A summary of the QUADAS quality assessment is given in Table 9. All studies were retrospective. In most studies, patients were selected on the basis of receiving CNB (item 1). It is unclear whether the patients referred for CNB were representative of patients undergoing evaluation for salivary gland swelling because the selection method was not specified (item 2). The error rate of the reference standard is unknown (item 3). No studies specifically mentioned the time between CNB and histologic evaluation (item 4). Although this could lead to timing bias, we believe the interval between CNB and histologic evaluation was probably short. All cases were evaluated by a reference standard (item 5), but studies with nonsurgical cases used both histologic confirmation and clinical follow-up as reference standards (item 6). Some studies based the analysis only on histologically verified samples, which could lead to partial verification bias because cases not referred to surgery did not receive some form of verification (item 5). The index test is independent of the reference test (item 7). The performance of the index test was generally well described (item 8). The reference test for histologic verification is quite standard and does not require a detailed description (item 9); however, the criteria used in the alternative reference test (ie, clinical follow-up) were poorly described. The index test was always interpreted without knowledge of the reference standard (item 10), but it is usual practice for the reference standard to be evaluated with knowledge of the index test results (item 11). Thus, there is potential for the knowledge of the CNB diagnosis to influence the histologic diagnosis, which would falsely elevate accuracy. The studies were retrospective, so the normal clinical data were most likely available at the time of diagnosis by the index test (item 12). There were no intermediate results (item 13), and withdrawals were not applicable because the studies were retrospective (item 14).

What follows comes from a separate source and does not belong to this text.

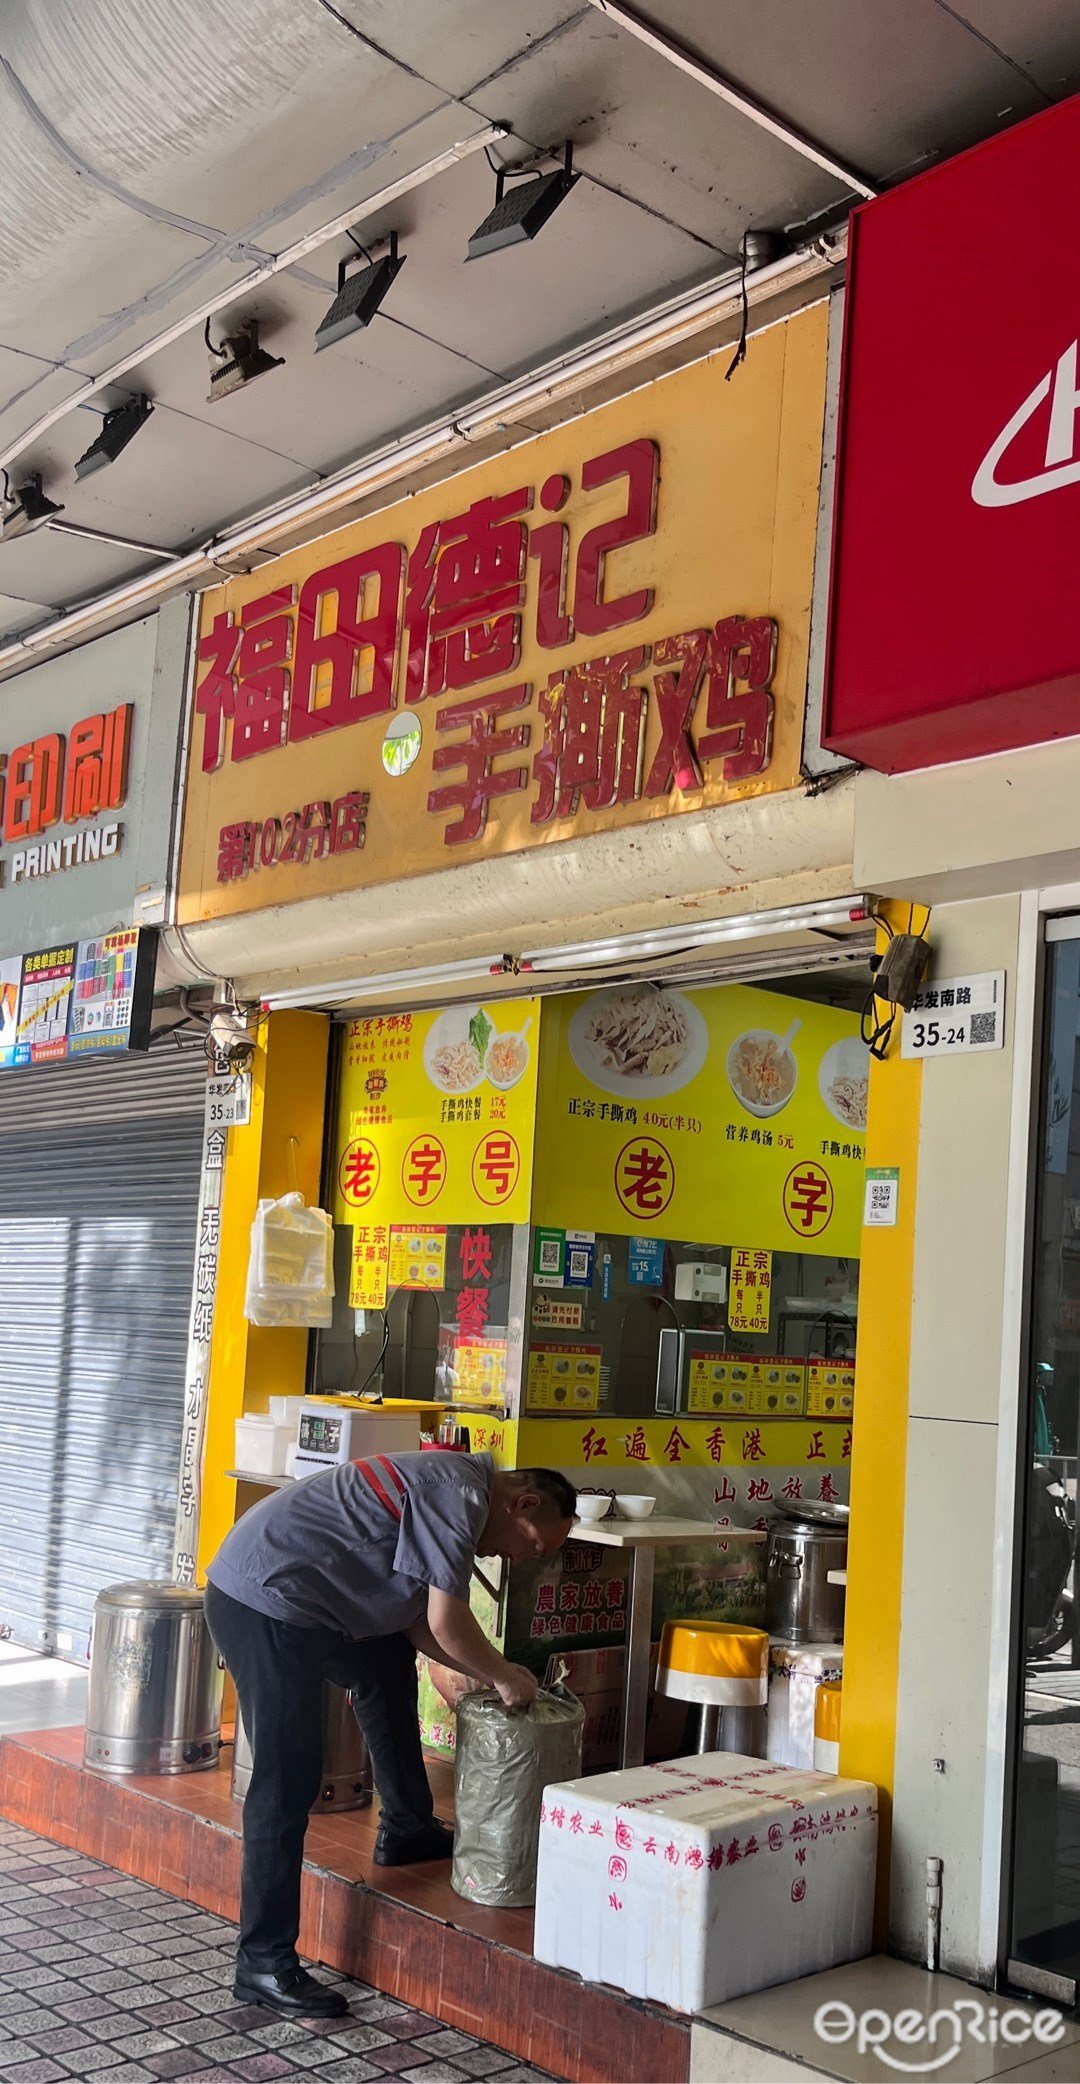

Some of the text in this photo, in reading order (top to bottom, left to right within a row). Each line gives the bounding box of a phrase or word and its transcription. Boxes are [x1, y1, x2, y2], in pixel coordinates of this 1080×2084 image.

Comparison of the Accuracy of CNB and FNAC

We recently reviewed the diagnostic accuracy of FNAC6 for the diagnosis of parotid gland lesions and use those results for comparison with CNB Table 10. The area under the SROC curve is a measure of accuracy that can be used to compare methods. The diagnostic accuracy of CNB was significantly higher than the diagnostic accuracy of FNAC (t72 = 10.6; P < .001). The specificity of CNB was quite high (1.00); however, the sensitivity was generally lower (0.92), and, across studies, there was more variability in sensitivity than in specificity. We found a similar pattern for the diagnostic performance of FNAC6 and frozen section24 for the diagnosis of parotid gland lesions. The specificity values of CNB and FNAC are clinically acceptable (1.00 for CNB vs 0.96 for FNAC). Thus, a positive result is quite reliable. Although the sensitivities of CNB and FNAC were not statistically different, the sensitivity of CNB was slightly higher (0.92; 95% CI, 0.77–0.98) than the sensitivity of FNAC (0.80; 95% CI, 0.76–0.83).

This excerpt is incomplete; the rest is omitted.